== Segment start ==

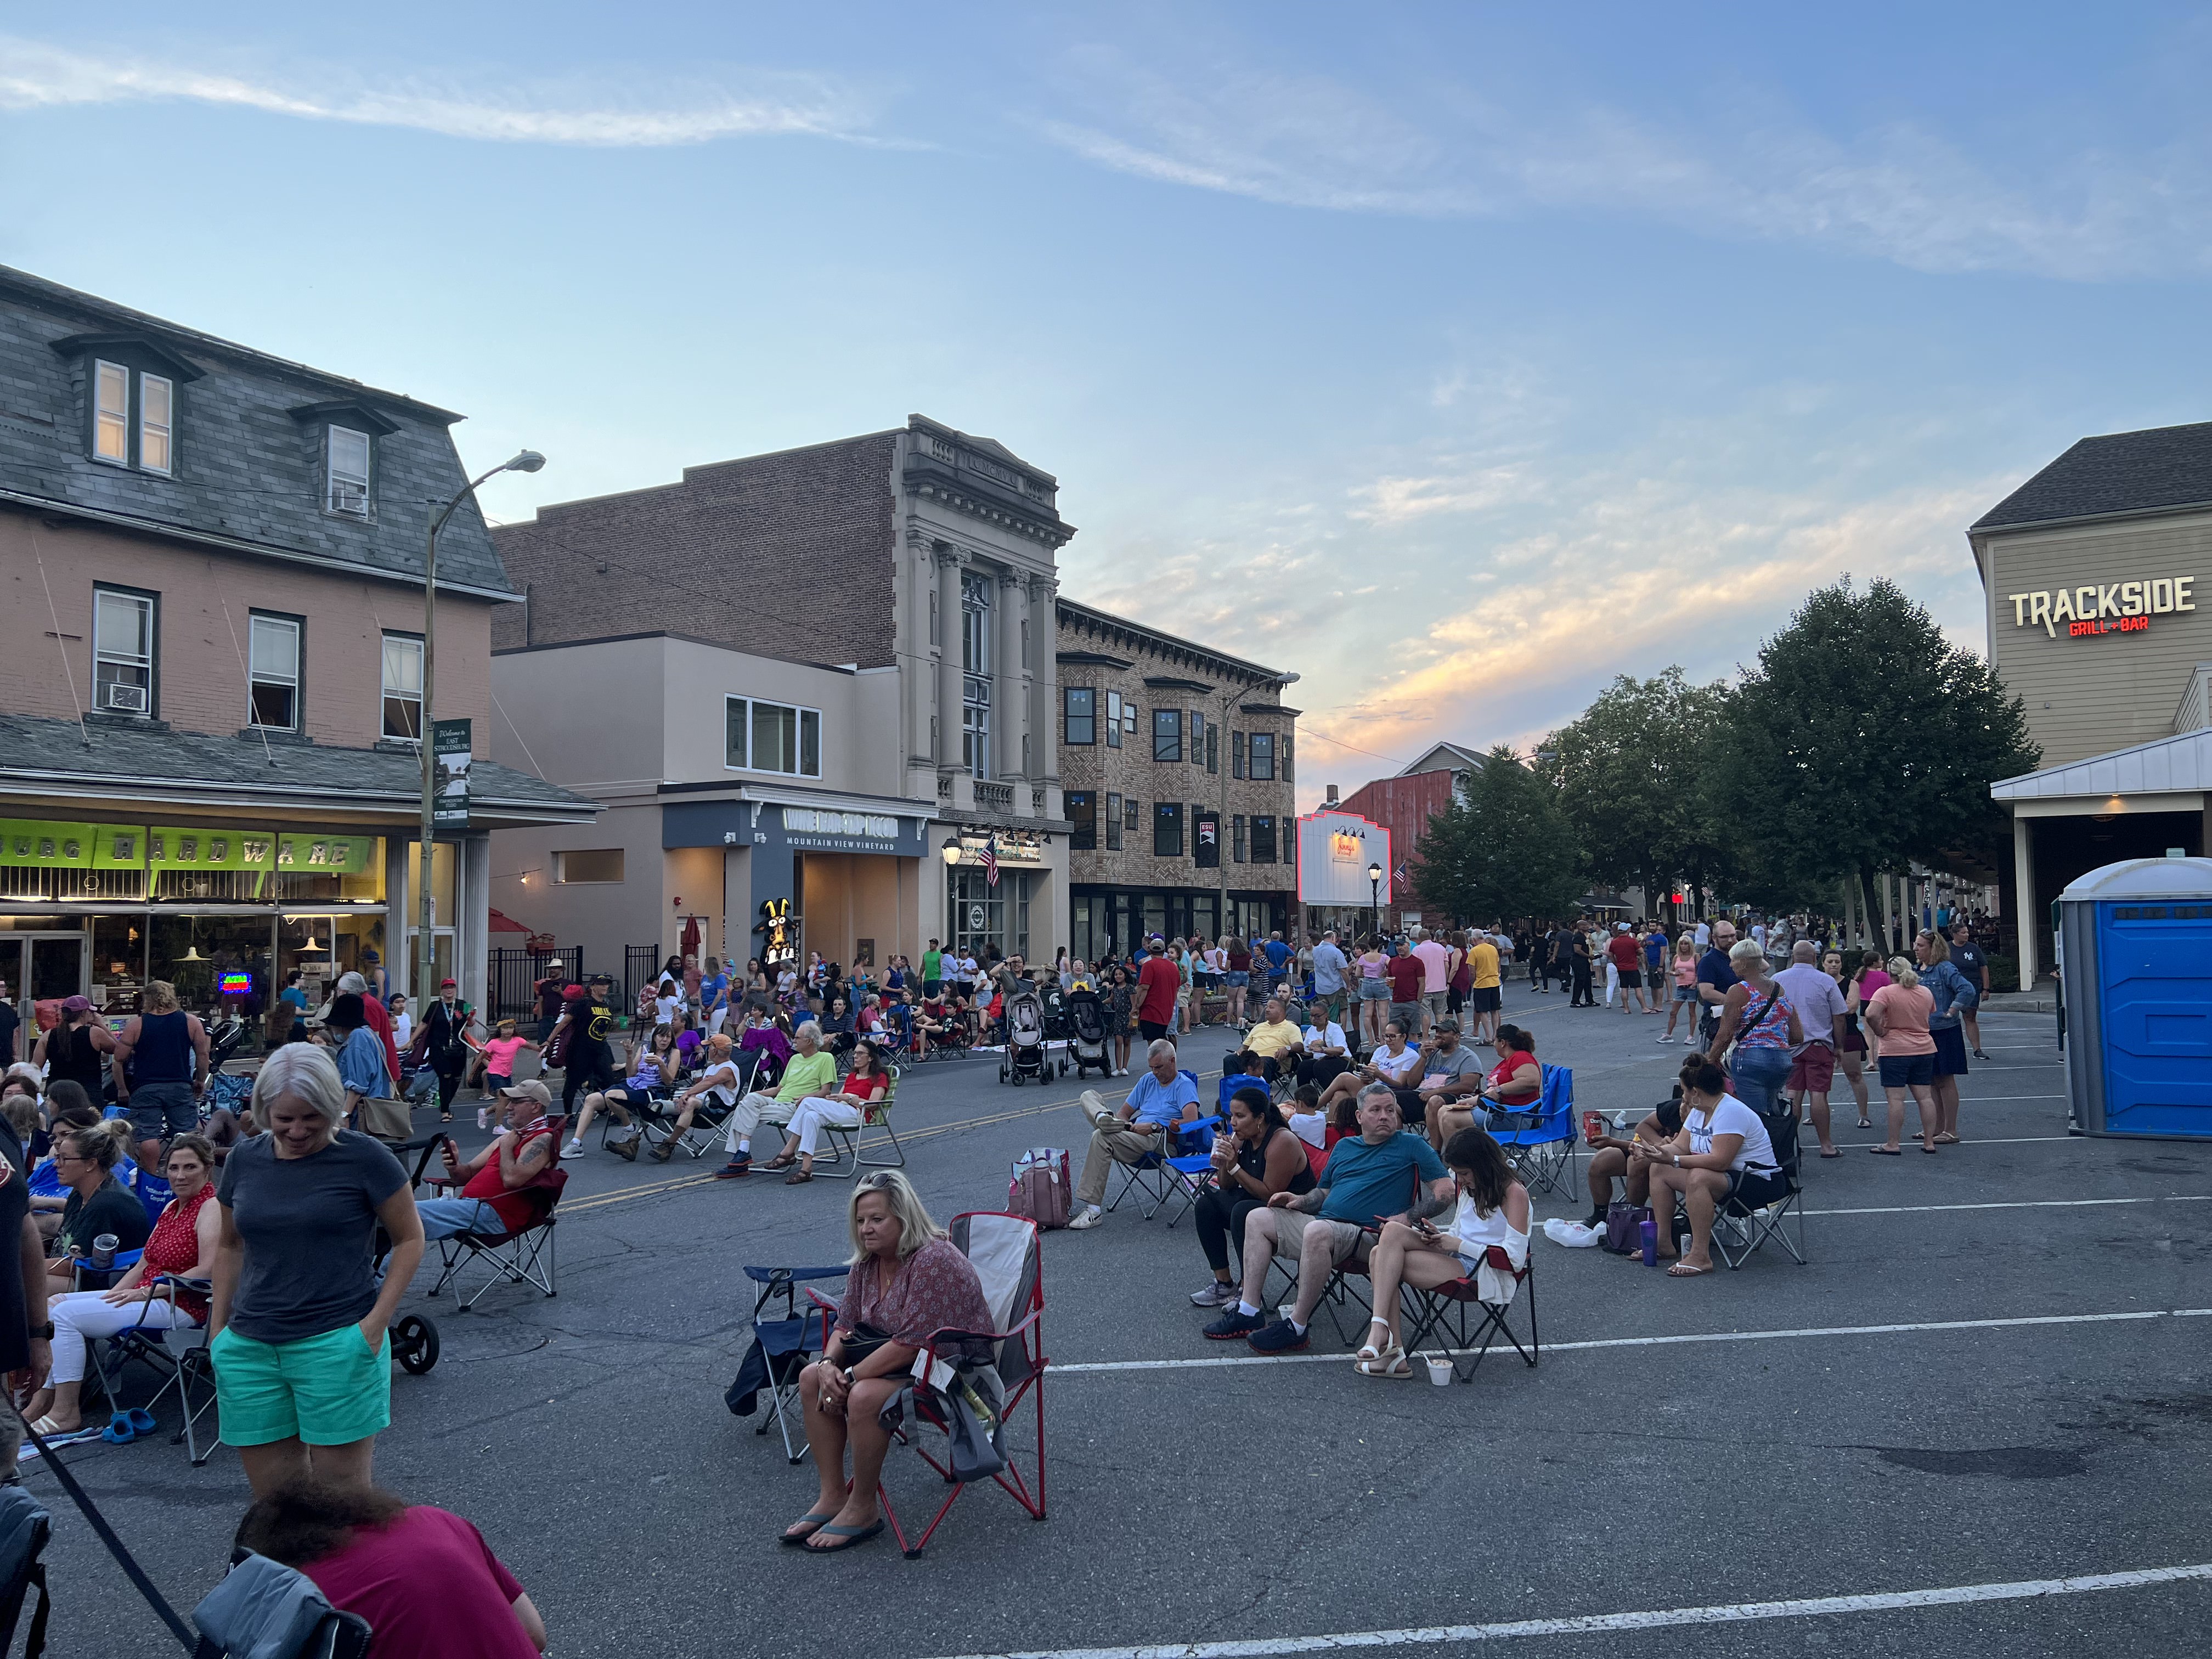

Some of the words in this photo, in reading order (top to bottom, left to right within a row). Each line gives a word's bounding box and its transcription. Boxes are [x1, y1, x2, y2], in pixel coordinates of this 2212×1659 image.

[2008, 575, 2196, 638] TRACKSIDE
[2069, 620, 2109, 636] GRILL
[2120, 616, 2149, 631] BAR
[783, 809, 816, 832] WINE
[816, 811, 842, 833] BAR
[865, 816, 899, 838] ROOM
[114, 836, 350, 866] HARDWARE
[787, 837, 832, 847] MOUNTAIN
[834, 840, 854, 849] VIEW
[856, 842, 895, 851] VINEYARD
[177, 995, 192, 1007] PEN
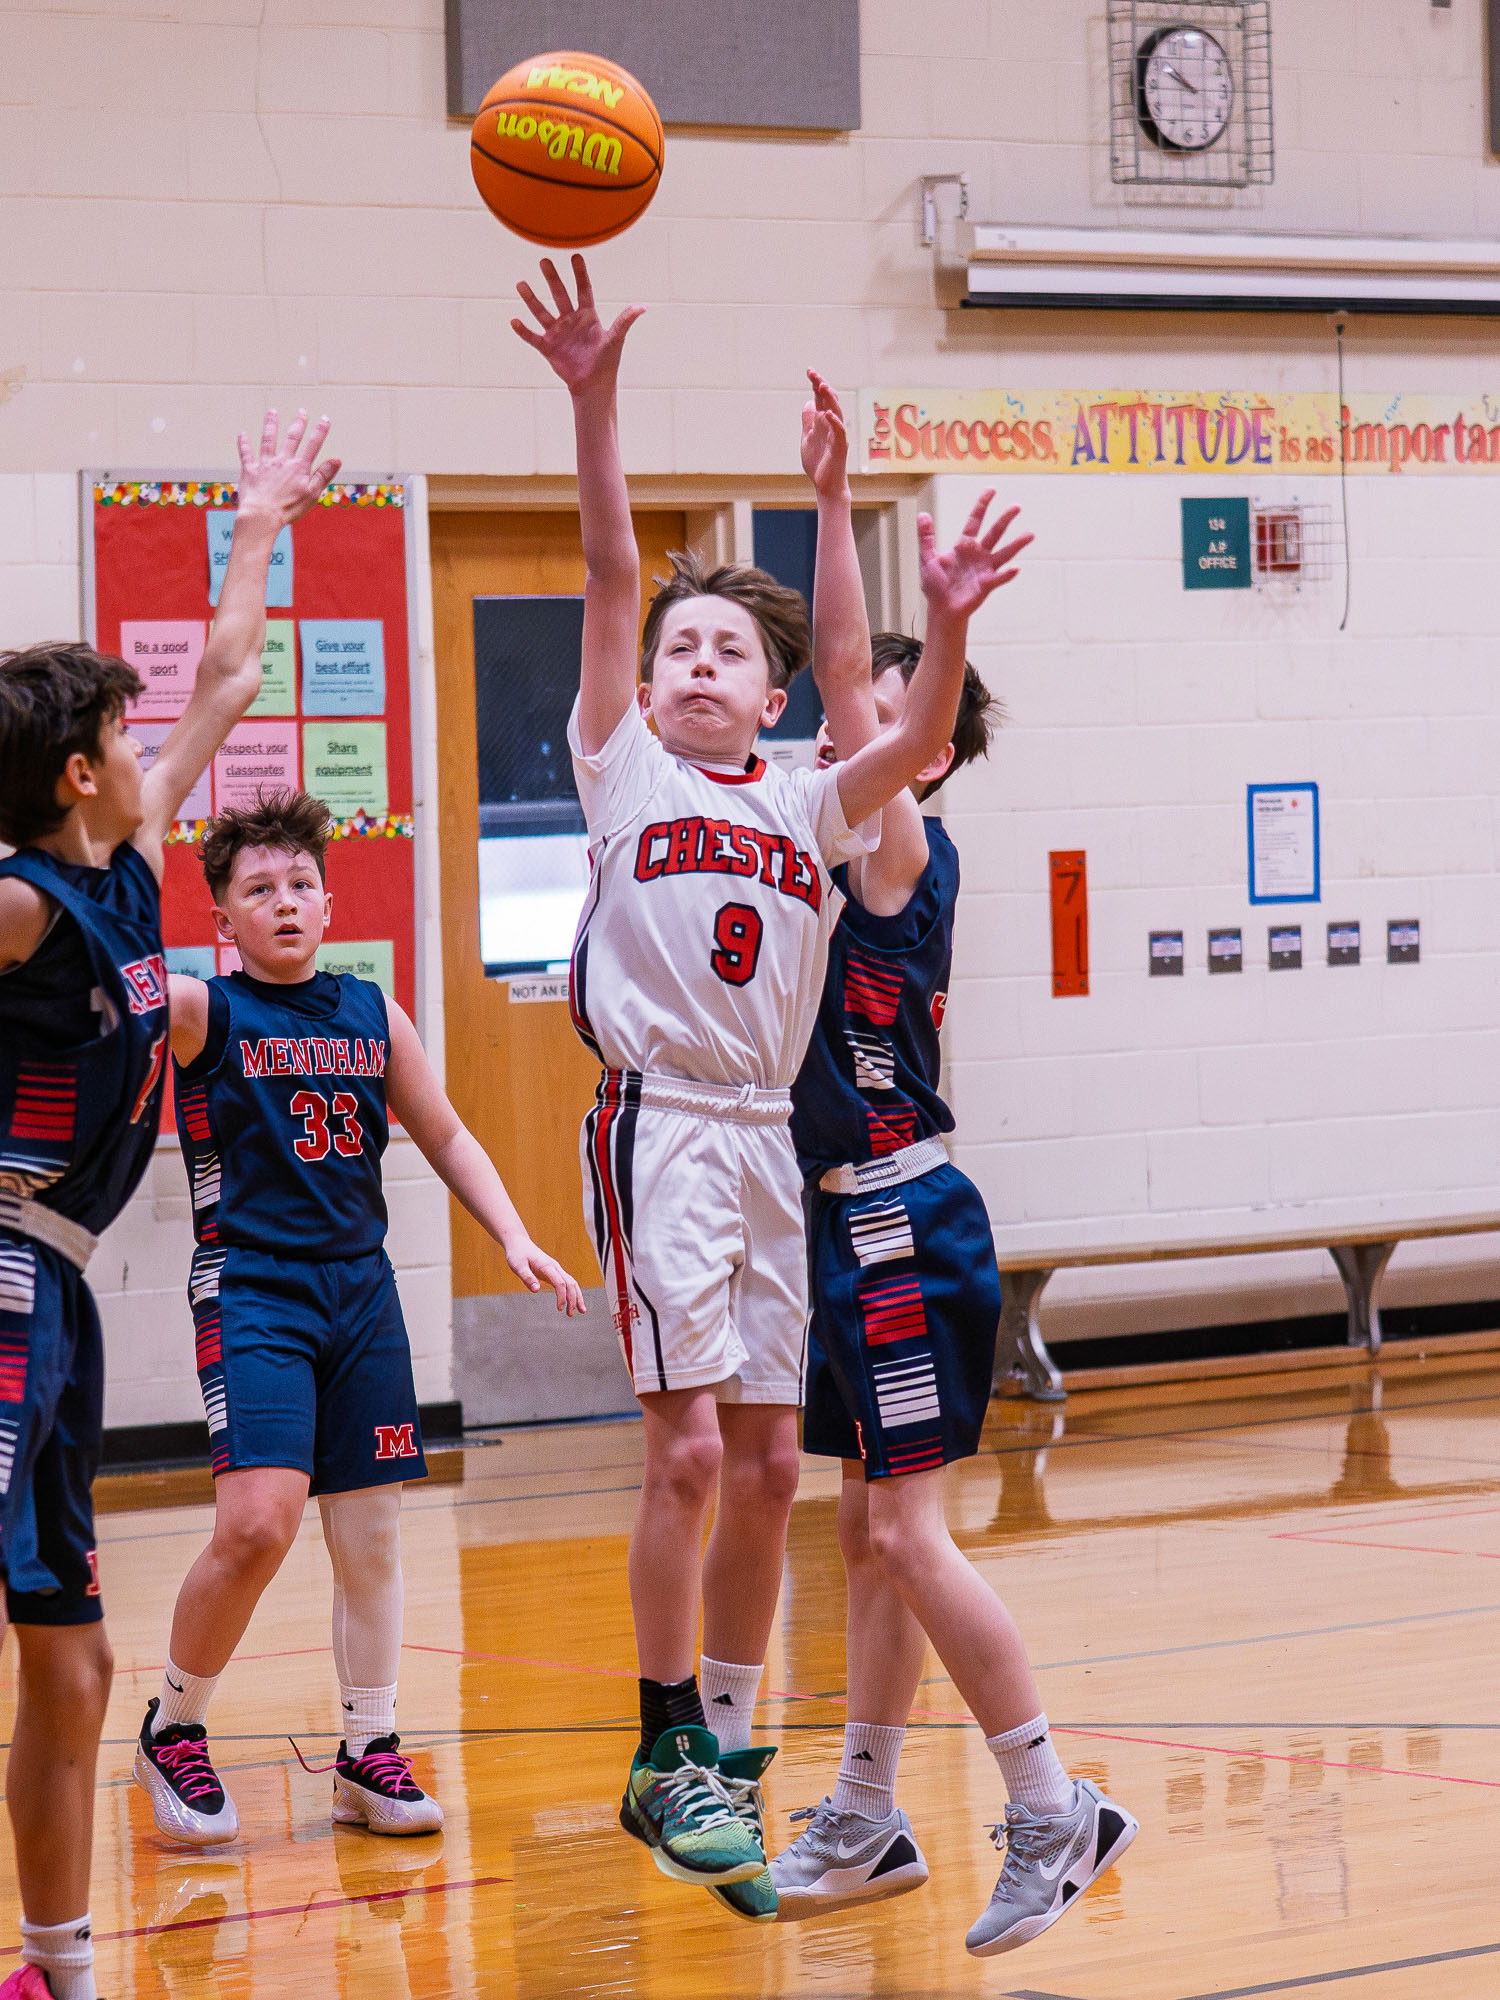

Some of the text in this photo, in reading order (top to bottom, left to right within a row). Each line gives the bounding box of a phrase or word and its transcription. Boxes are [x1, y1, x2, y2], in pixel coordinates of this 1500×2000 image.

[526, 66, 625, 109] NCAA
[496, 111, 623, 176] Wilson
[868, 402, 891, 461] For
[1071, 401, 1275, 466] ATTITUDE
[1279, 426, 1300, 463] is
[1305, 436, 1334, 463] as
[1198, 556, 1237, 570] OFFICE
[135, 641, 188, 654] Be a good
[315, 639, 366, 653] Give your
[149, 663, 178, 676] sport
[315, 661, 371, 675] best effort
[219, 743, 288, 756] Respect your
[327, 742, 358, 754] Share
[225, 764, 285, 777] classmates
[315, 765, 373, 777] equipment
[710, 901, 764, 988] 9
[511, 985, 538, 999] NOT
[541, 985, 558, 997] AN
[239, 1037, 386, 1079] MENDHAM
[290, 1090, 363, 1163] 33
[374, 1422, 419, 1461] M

== Segment end ==

PROMPT
The records are to be returned word for word, without any of their pictures.

WRITTEN REPLY
Some of the words in this photo, in reading order (top to bottom, left to right within a row). Each line gives a word's bounding box and its transcription. Boxes are [x1, y1, x2, y2], in pixel coordinates of this 2212×1659 image.

[2008, 575, 2196, 638] TRACKSIDE
[2069, 620, 2109, 636] GRILL
[2120, 616, 2149, 631] BAR
[783, 809, 816, 832] WINE
[816, 811, 842, 833] BAR
[865, 816, 899, 838] ROOM
[114, 836, 350, 866] HARDWARE
[787, 837, 832, 847] MOUNTAIN
[834, 840, 854, 849] VIEW
[856, 842, 895, 851] VINEYARD
[177, 995, 192, 1007] PEN

Some of the text in this photo, in reading order (top to bottom, left to right within a row). Each line gives the bounding box of a phrase or word and its transcription. Boxes are [x1, y1, x2, y2], in pixel coordinates of this 1500×2000 image.

[526, 66, 625, 109] NCAA
[496, 111, 623, 176] Wilson
[868, 402, 891, 461] For
[1071, 401, 1275, 466] ATTITUDE
[1279, 426, 1300, 463] is
[1305, 436, 1334, 463] as
[1198, 556, 1237, 570] OFFICE
[135, 641, 188, 654] Be a good
[315, 639, 366, 653] Give your
[149, 663, 178, 676] sport
[315, 661, 371, 675] best effort
[219, 743, 288, 756] Respect your
[327, 742, 358, 754] Share
[225, 764, 285, 777] classmates
[315, 765, 373, 777] equipment
[710, 901, 764, 988] 9
[511, 985, 538, 999] NOT
[541, 985, 558, 997] AN
[239, 1037, 386, 1079] MENDHAM
[290, 1090, 363, 1163] 33
[374, 1422, 419, 1461] M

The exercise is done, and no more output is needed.